第1編 人事行政

第1部 人事行政この1年の主な動き

第1章 適正な公務員給与の確保等

 人事院は、国公法に定める情勢適応の原則に基づき、公務員の給与水準を民間企業従業員の給与水準と均衡させること(民間準拠)を基本に勧告を行っている。令和2年については、新型コロナウイルス感染症の感染拡大の影響を考慮し、「職種別民間給与実態調査」を例年より時期を遅らせた上で2回に分けて実施した。この調査結果を踏まえ、令和2年10月7日、国会及び内閣に対し、特別給に関する報告及び勧告を行い、同月28日には同様に月例給に関する報告を行った。

 政府においては、令和2年11月6日、人事院勧告どおり給与改定を行うこと等を閣議決定した。「一般職の職員の給与に関する法律等の一部を改正する法律」(令和2年法律第65号)は、同月27日に成立し、同月30日に公布、施行(令和3年度以降の期末手当・勤勉手当に関する改定については令和3年4月1日に施行)された。

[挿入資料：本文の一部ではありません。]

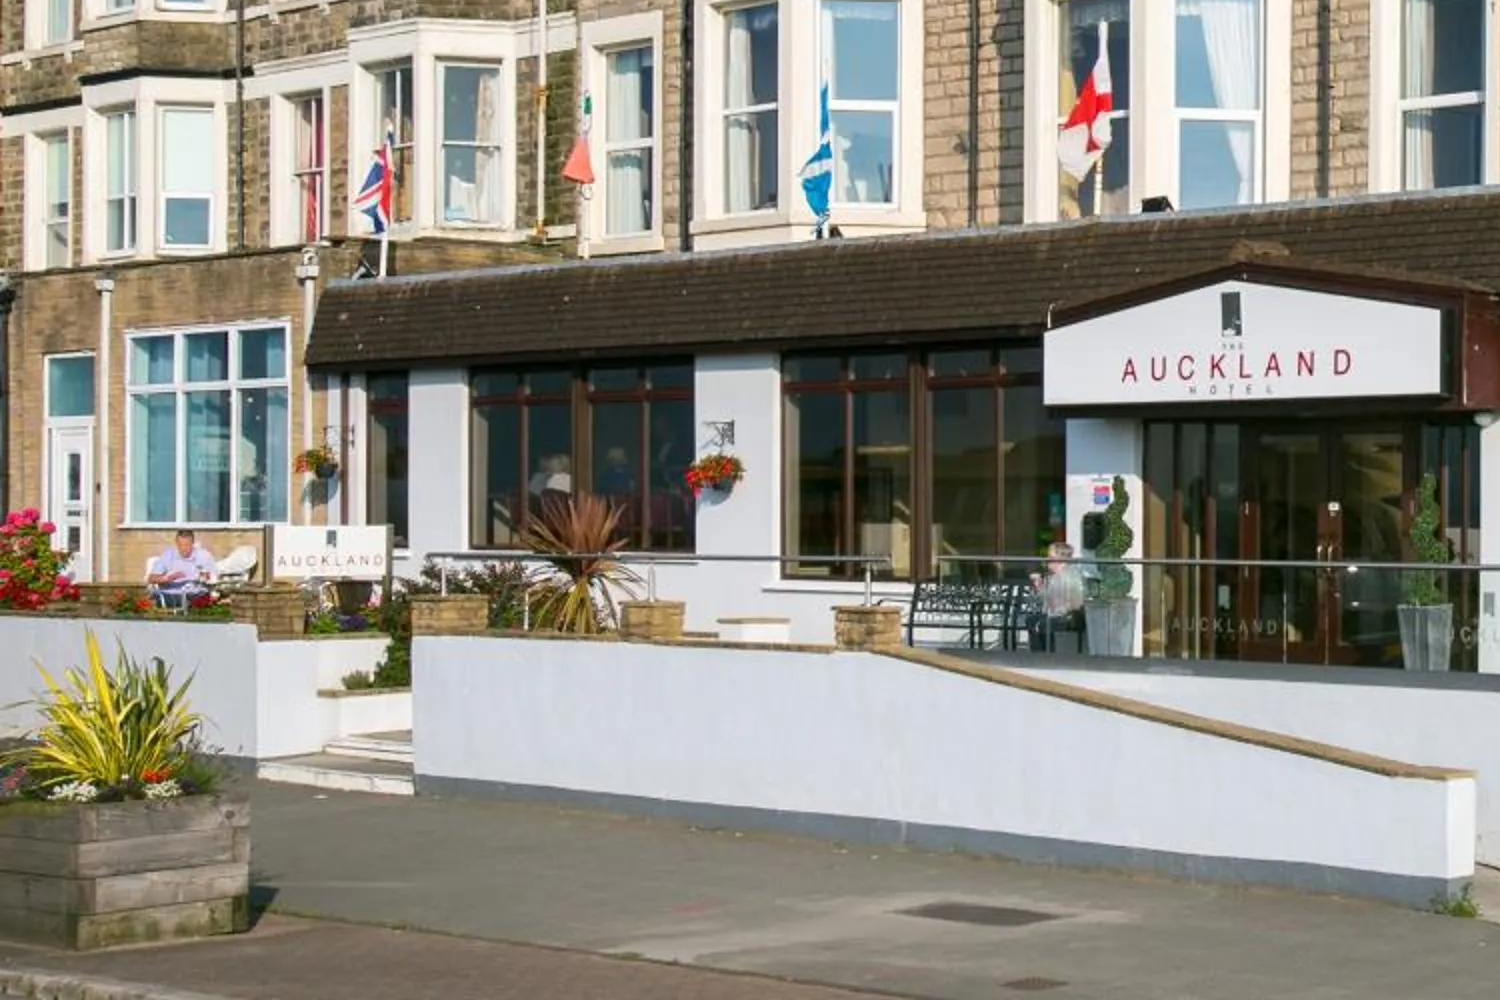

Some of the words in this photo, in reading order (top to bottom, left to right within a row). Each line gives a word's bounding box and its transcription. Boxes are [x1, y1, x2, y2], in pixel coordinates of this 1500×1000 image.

[1121, 349, 1351, 383] AUCKLAND
[1189, 384, 1274, 396] HOTEL
[278, 555, 383, 567] AUCKLAND
[1171, 616, 1279, 637] AUCKLAND

 令和2年10月7日の人事院勧告時の報告において、高齢層職員の能力及び経験の本格的な活用に向けて、定年を段階的に65歳に引き上げるための措置が早期に実施されるよう改めて要請した。
令和3年4月13日、「国家公務員法等の一部を改正する法律案」が閣議決定され、第204回国会に提出された。